§ **REQUIREMENT**
Could you copy every record below exactly, leaving out the pictures?

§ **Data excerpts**
* * *

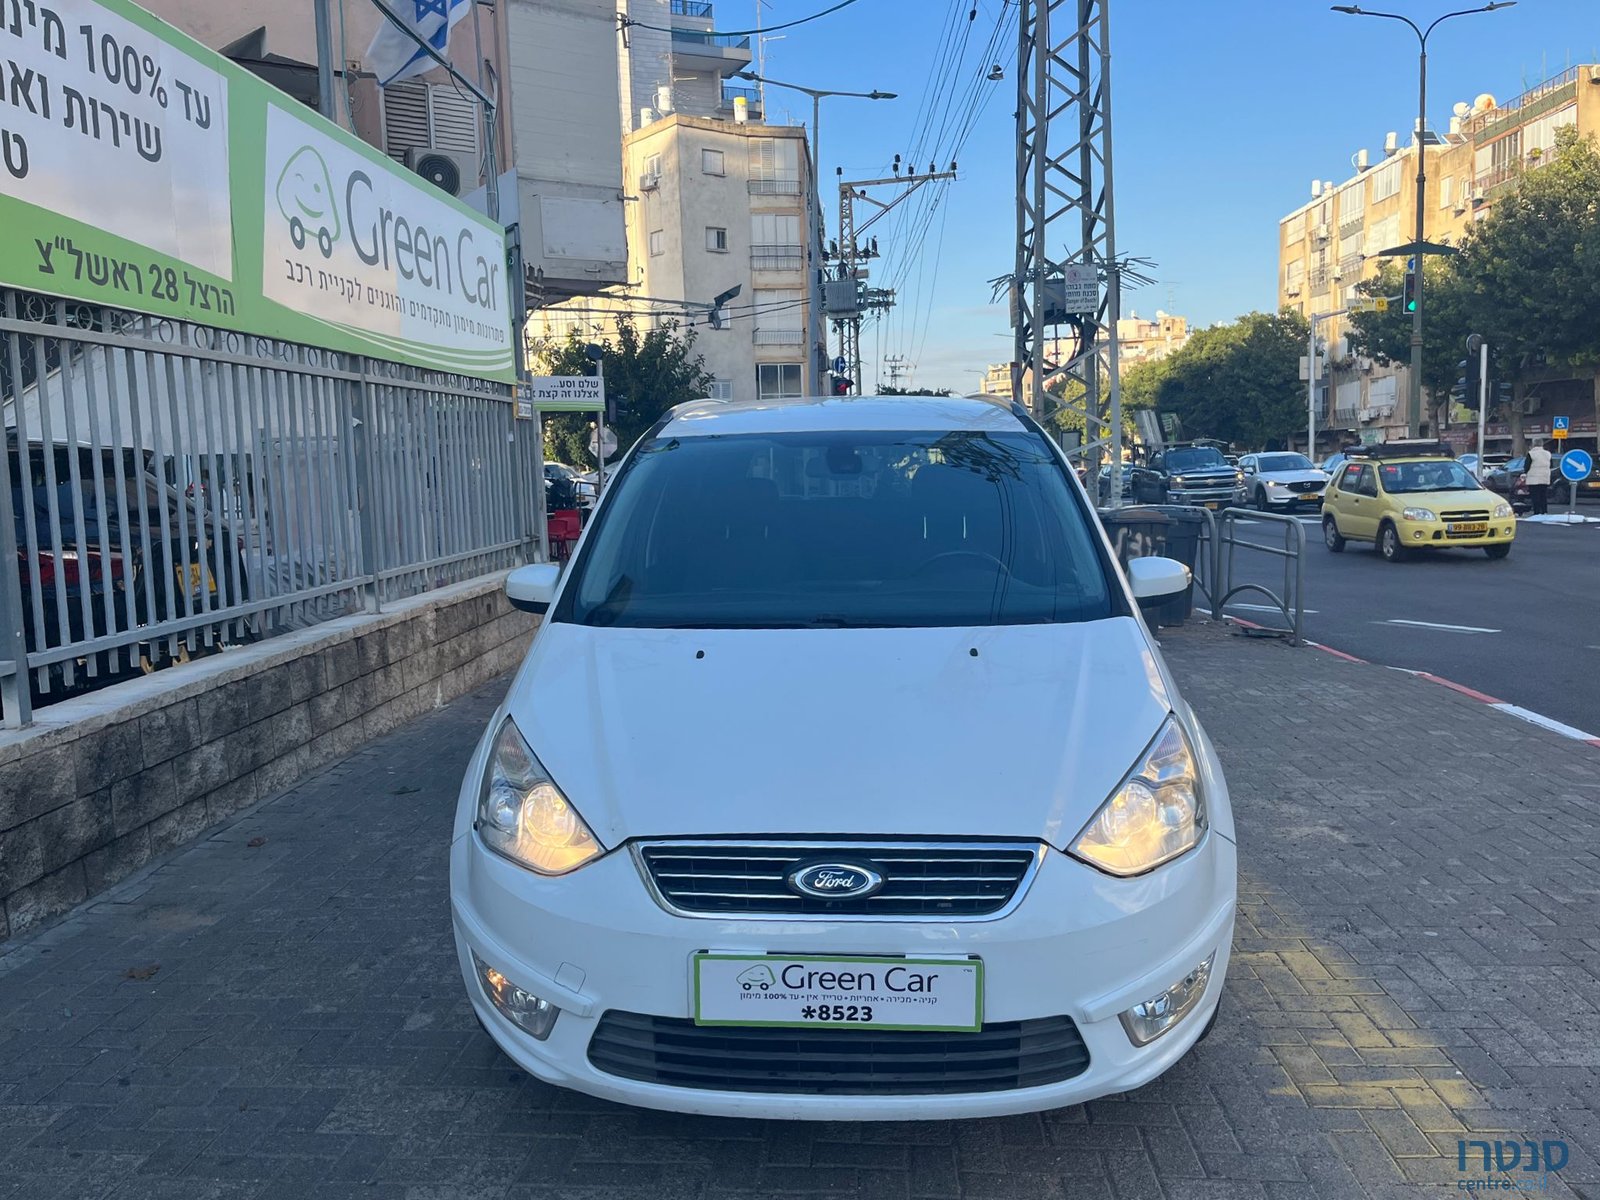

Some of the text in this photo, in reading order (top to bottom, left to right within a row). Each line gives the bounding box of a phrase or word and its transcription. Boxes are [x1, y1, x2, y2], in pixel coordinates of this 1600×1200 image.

[79, 25, 168, 109] 100%
[0, 58, 162, 163] שירות וא
[175, 78, 211, 130] עד
[346, 169, 498, 311] Green Car
[149, 263, 179, 302] 28
[184, 271, 235, 316] הרצל
[285, 259, 504, 343] פתרונות מימון מתקדמים והוגנים לקניית רכב
[578, 379, 599, 388] שלם
[538, 390, 558, 399] קצת
[574, 389, 599, 398] אצלנו
[814, 871, 855, 888] Ford
[781, 964, 938, 992] Green Car
[740, 993, 761, 1001] מימון
[789, 993, 799, 1001] עד
[806, 993, 819, 1002] אין
[850, 994, 879, 1002] אחריות
[918, 996, 938, 1005] קניה

* * *

§ **EXERCISE OUTPUT**
Some of the text in this photo, in reading order (top to bottom, left to right within a row). Each line gives the bounding box of a phrase or word and its transcription. Boxes are [x1, y1, x2, y2], in pixel coordinates of this 1600×1200 image.

[79, 25, 168, 109] 100%
[0, 58, 162, 163] שירות וא
[175, 78, 211, 130] עד
[346, 169, 498, 311] Green Car
[149, 263, 179, 302] 28
[184, 271, 235, 316] הרצל
[285, 259, 504, 343] פתרונות מימון מתקדמים והוגנים לקניית רכב
[578, 379, 599, 388] שלם
[538, 390, 558, 399] קצת
[574, 389, 599, 398] אצלנו
[814, 871, 855, 888] Ford
[781, 964, 938, 992] Green Car
[740, 993, 761, 1001] מימון
[789, 993, 799, 1001] עד
[806, 993, 819, 1002] אין
[850, 994, 879, 1002] אחריות
[918, 996, 938, 1005] קניה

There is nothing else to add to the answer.